The election last week for the first Spanish Parliament in seven years returned President Alcala Zamora (as a Deputy from Saragossa) and every member of his Cabinet. Numerous parties entered candidates, but as foreseen, conservative Republicans and moderate Socialists swept the boards. Communists made no progress. The only districts that showed Royalist strength were medieval Navarre, whose sympathies are not for Alfonso but his 60-year-old cousin, the Carlist Pretender Don Jaime; and Guadelajara, pocket borough of wrinkled canny Count de Romanones who used to dandle Alfonso XIII on his knee.

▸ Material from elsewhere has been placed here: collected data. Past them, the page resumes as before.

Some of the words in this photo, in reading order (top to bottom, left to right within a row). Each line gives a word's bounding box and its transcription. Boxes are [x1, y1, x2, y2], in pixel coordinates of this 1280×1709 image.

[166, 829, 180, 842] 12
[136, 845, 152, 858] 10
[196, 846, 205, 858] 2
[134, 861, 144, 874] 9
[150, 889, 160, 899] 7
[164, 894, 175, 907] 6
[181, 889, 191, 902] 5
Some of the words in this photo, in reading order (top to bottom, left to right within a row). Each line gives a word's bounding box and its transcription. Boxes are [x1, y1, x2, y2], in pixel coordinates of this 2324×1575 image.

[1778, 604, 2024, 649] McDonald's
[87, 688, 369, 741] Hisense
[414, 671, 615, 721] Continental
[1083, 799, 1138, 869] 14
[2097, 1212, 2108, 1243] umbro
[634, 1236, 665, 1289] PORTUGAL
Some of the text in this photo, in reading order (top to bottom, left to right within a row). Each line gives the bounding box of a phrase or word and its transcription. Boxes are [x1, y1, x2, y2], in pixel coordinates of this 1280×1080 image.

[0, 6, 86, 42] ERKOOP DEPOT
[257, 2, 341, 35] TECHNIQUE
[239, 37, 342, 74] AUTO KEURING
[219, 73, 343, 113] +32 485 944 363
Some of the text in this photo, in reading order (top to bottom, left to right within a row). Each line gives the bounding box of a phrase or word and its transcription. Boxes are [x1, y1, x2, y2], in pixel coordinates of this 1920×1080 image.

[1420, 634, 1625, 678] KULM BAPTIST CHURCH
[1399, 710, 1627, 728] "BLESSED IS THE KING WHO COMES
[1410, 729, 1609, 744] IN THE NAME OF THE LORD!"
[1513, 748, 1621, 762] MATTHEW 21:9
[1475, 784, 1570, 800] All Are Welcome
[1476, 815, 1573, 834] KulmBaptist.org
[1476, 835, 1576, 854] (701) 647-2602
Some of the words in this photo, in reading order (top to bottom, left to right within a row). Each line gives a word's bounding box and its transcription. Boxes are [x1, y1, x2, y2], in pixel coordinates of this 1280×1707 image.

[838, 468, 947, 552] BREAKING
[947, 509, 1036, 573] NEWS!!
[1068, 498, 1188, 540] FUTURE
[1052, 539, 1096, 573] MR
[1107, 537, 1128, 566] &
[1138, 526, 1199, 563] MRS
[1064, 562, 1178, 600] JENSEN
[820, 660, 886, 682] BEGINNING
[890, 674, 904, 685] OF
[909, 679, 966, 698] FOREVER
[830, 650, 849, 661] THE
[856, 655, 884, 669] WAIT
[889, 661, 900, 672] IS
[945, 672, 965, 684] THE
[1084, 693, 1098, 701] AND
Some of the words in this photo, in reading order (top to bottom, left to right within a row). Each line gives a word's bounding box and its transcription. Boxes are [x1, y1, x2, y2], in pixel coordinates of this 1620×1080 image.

Enthusiasti- cally returned was Foreign Minister Alejandro Lerroux, whose power in the Government has been growing daily, who seemed certain to be Premier when a permanent Cabinet is chosen in July.
Two personalities were elected: Novelist Vicente Blasco Ibanez' son from Valencia, and that plump aerial cutup, Major Ramon Franco, who broke his leg last week when a campaign platform collapsed under him, from Barcelona.
Most important news of the week was the spread of the "home rule" movement from Catalonia to Andalusia, the Basque Provinces, and Galicia, traditional home of Spanish politicians. In Catalonia white- haired, white-toothed "President" Francisco Macia won an overwhelming victory.